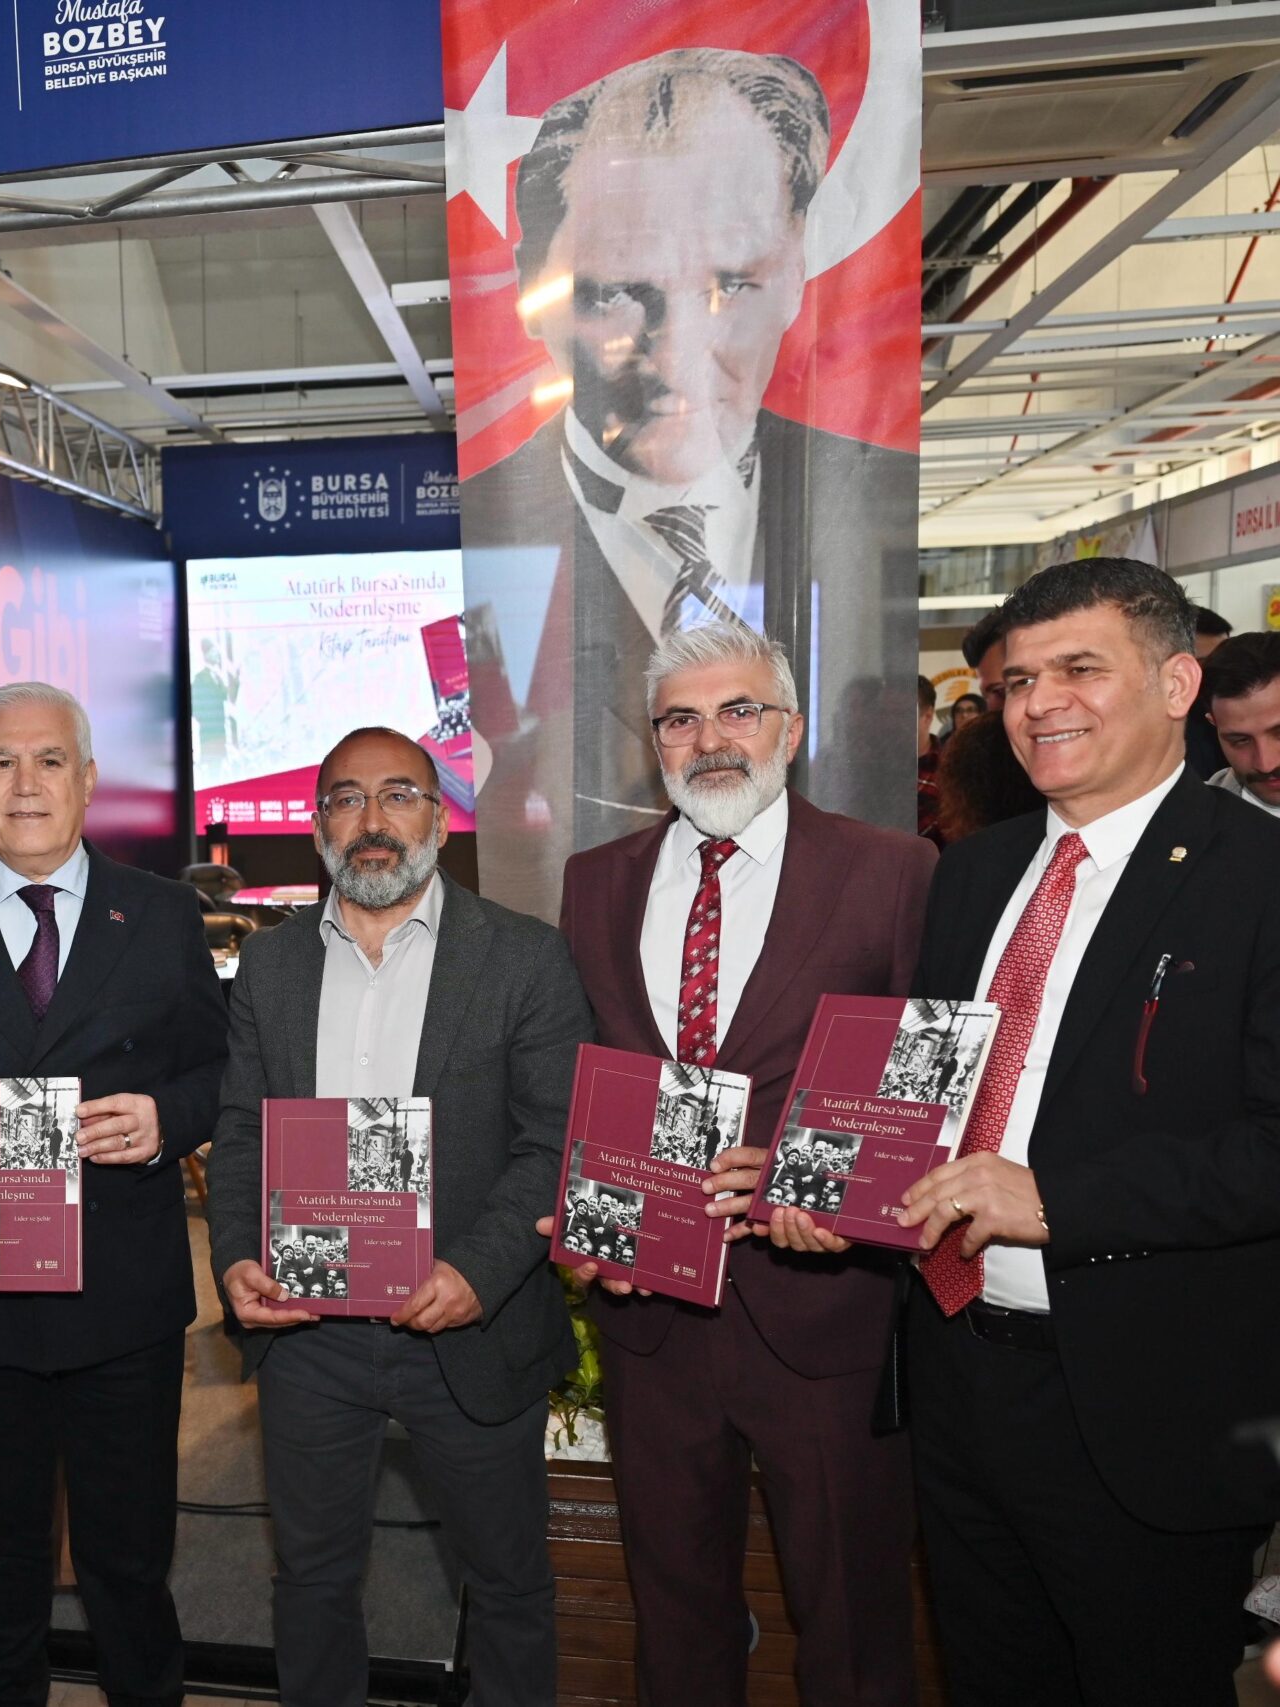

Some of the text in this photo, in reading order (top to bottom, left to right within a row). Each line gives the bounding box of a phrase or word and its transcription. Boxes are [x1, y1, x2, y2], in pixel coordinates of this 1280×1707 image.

[55, 0, 145, 26] Mustafa
[43, 16, 166, 57] BOZBEY
[44, 49, 167, 77] BURSA BÜYÜKŞEHİR
[45, 63, 168, 91] BELEDİYE BAŞKANI
[311, 472, 389, 493] BURSA
[311, 490, 389, 507] BÜYÜKŞEHİR
[311, 503, 390, 520] BELEDİYESİ
[1236, 505, 1264, 538] BURSA
[287, 575, 345, 596] Atatürk
[309, 597, 422, 622] Modernleşme
[820, 1096, 860, 1111] Atatürk
[830, 1116, 905, 1136] Modernleşme
[597, 1150, 637, 1170] Atatürk
[610, 1171, 683, 1199] Modernleşme
[296, 1194, 337, 1206] Atatürk
[312, 1211, 385, 1225] Modernleşme
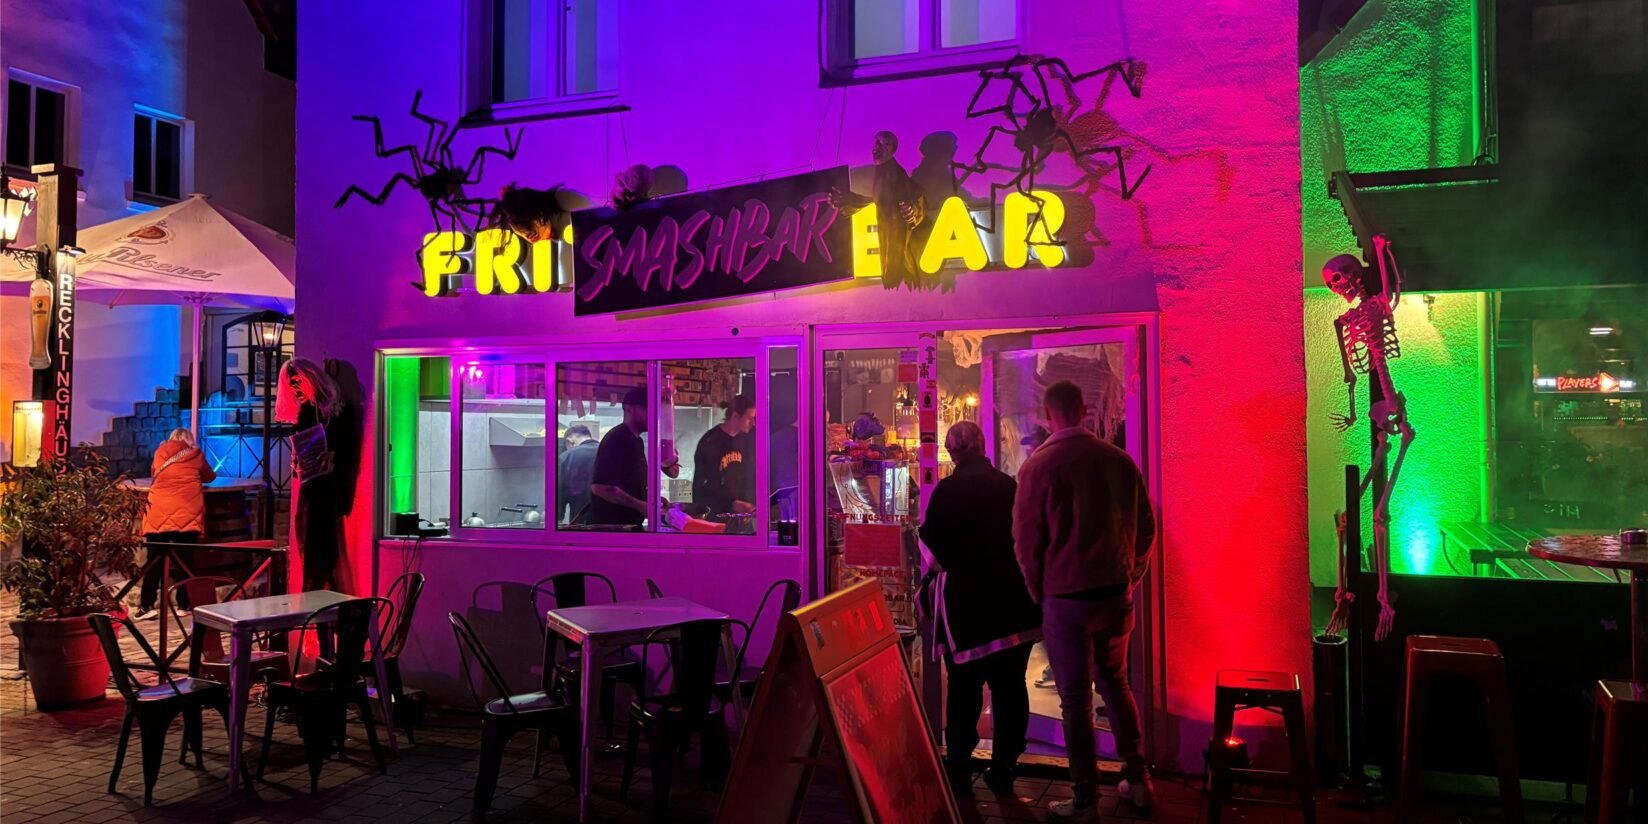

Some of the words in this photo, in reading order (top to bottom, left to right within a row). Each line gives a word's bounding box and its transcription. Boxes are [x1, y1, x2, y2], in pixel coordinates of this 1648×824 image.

[106, 245, 222, 278] Pilsener
[422, 228, 573, 298] FRI
[577, 191, 838, 302] SMASHBAR
[1557, 376, 1598, 390] PLAYERS
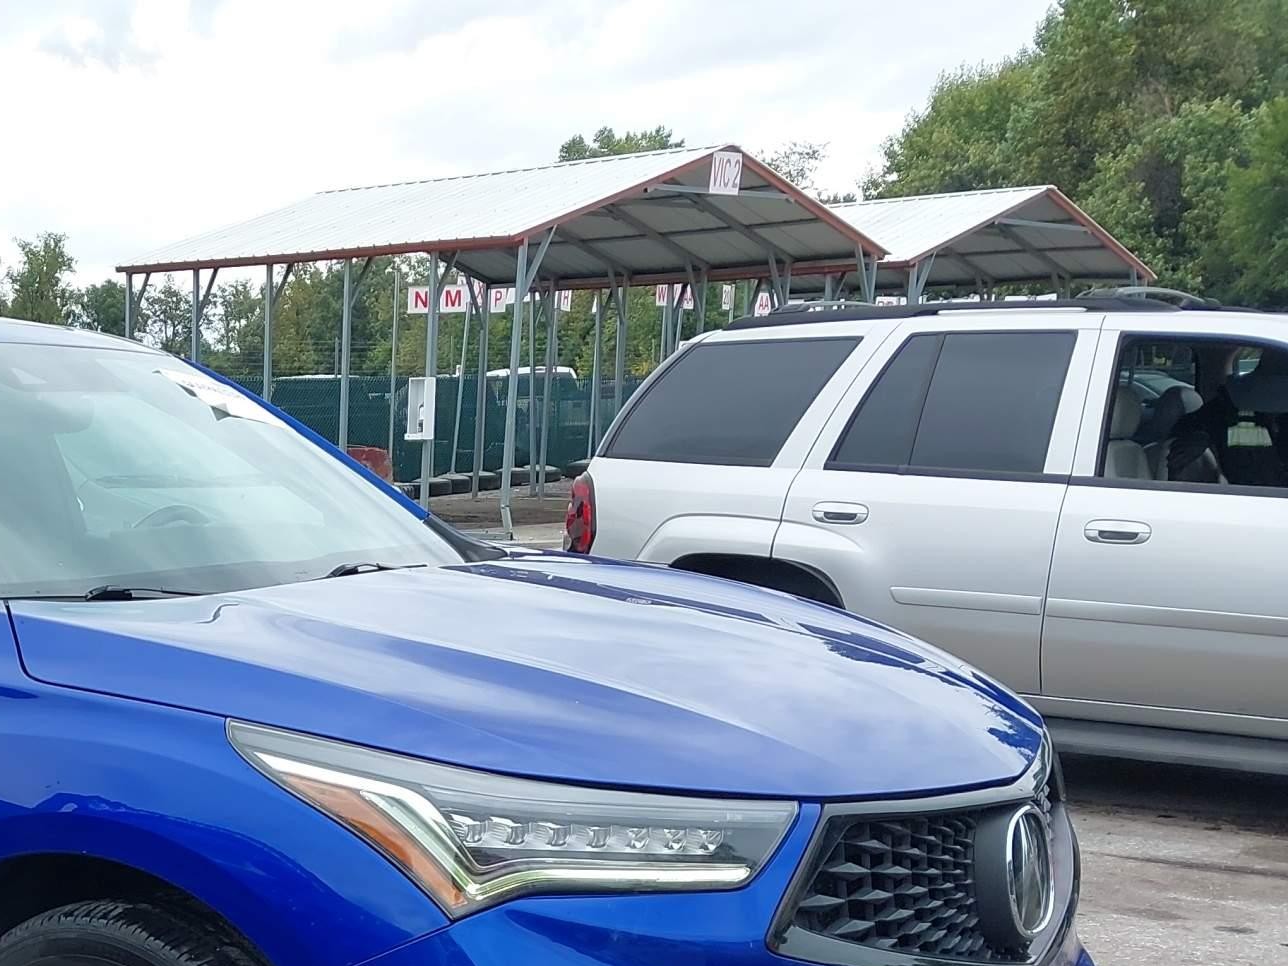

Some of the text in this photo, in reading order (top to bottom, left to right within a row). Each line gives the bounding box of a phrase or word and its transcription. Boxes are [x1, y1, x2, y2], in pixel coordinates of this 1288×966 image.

[713, 157, 741, 189] VIC 2
[414, 290, 429, 309] N
[444, 289, 462, 308] M
[494, 290, 503, 308] P
[657, 286, 668, 303] W
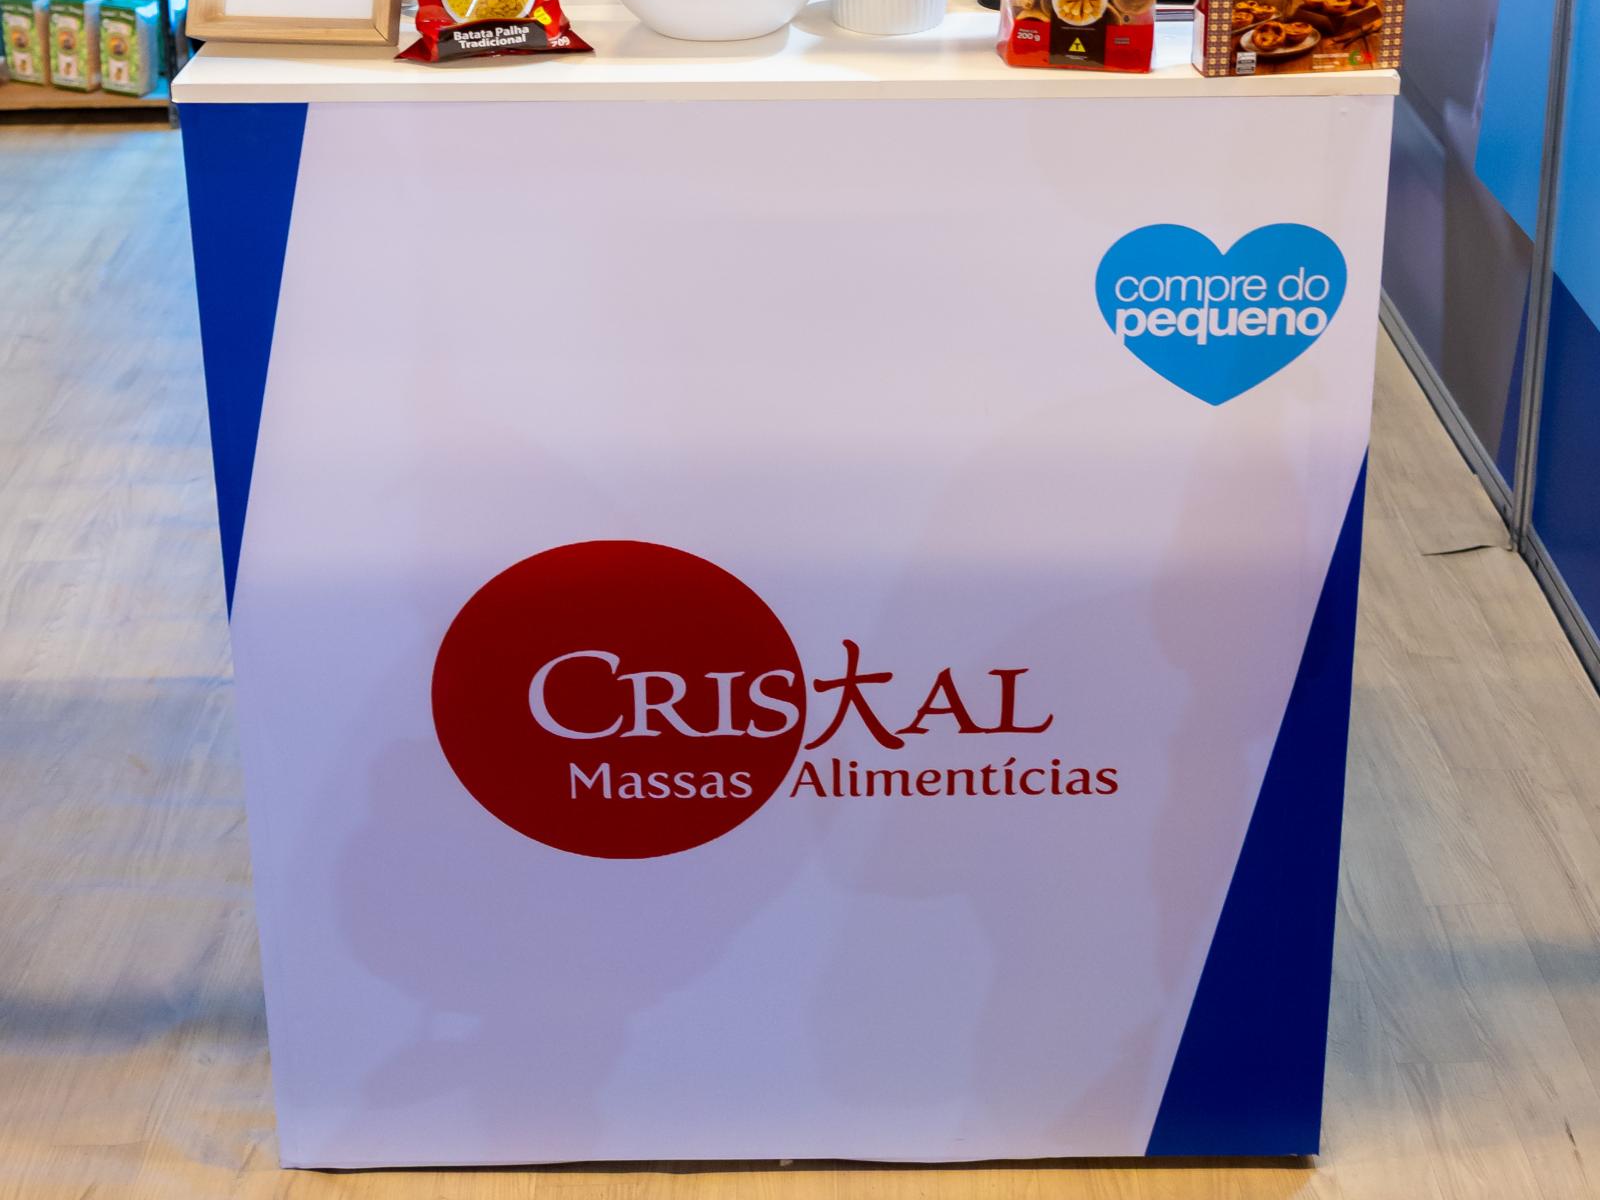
=====
Quote every line of the records above exactly; no picture is to be copied.

-- Answer space --
Some of the text in this photo, in reading order (top to bottom, left to right within a row). Each line gives the bounding box of a phrase or word and its transcription. Boxes are [x1, y1, x2, y2], in pixel coordinates of this 1280×1707 image.

[55, 0, 145, 26] Mustafa
[43, 16, 166, 57] BOZBEY
[44, 49, 167, 77] BURSA BÜYÜKŞEHİR
[45, 63, 168, 91] BELEDİYE BAŞKANI
[311, 472, 389, 493] BURSA
[311, 490, 389, 507] BÜYÜKŞEHİR
[311, 503, 390, 520] BELEDİYESİ
[1236, 505, 1264, 538] BURSA
[287, 575, 345, 596] Atatürk
[309, 597, 422, 622] Modernleşme
[820, 1096, 860, 1111] Atatürk
[830, 1116, 905, 1136] Modernleşme
[597, 1150, 637, 1170] Atatürk
[610, 1171, 683, 1199] Modernleşme
[296, 1194, 337, 1206] Atatürk
[312, 1211, 385, 1225] Modernleşme

Some of the words in this photo, in reading order (top to bottom, left to right within a row). Each line gives a word's bounding box and its transcription. Boxes are [x1, y1, x2, y2], in pixel coordinates of this 1648×824 image.

[106, 245, 222, 278] Pilsener
[422, 228, 573, 298] FRI
[577, 191, 838, 302] SMASHBAR
[1557, 376, 1598, 390] PLAYERS

Some of the text in this photo, in reading order (top to bottom, left to right within a row). Each line gives the bounding box of a phrase or word and its transcription. Boxes are [x1, y1, x2, y2], in pixel coordinates of this 1288×966 image.

[713, 157, 741, 189] VIC 2
[414, 290, 429, 309] N
[444, 289, 462, 308] M
[494, 290, 503, 308] P
[657, 286, 668, 303] W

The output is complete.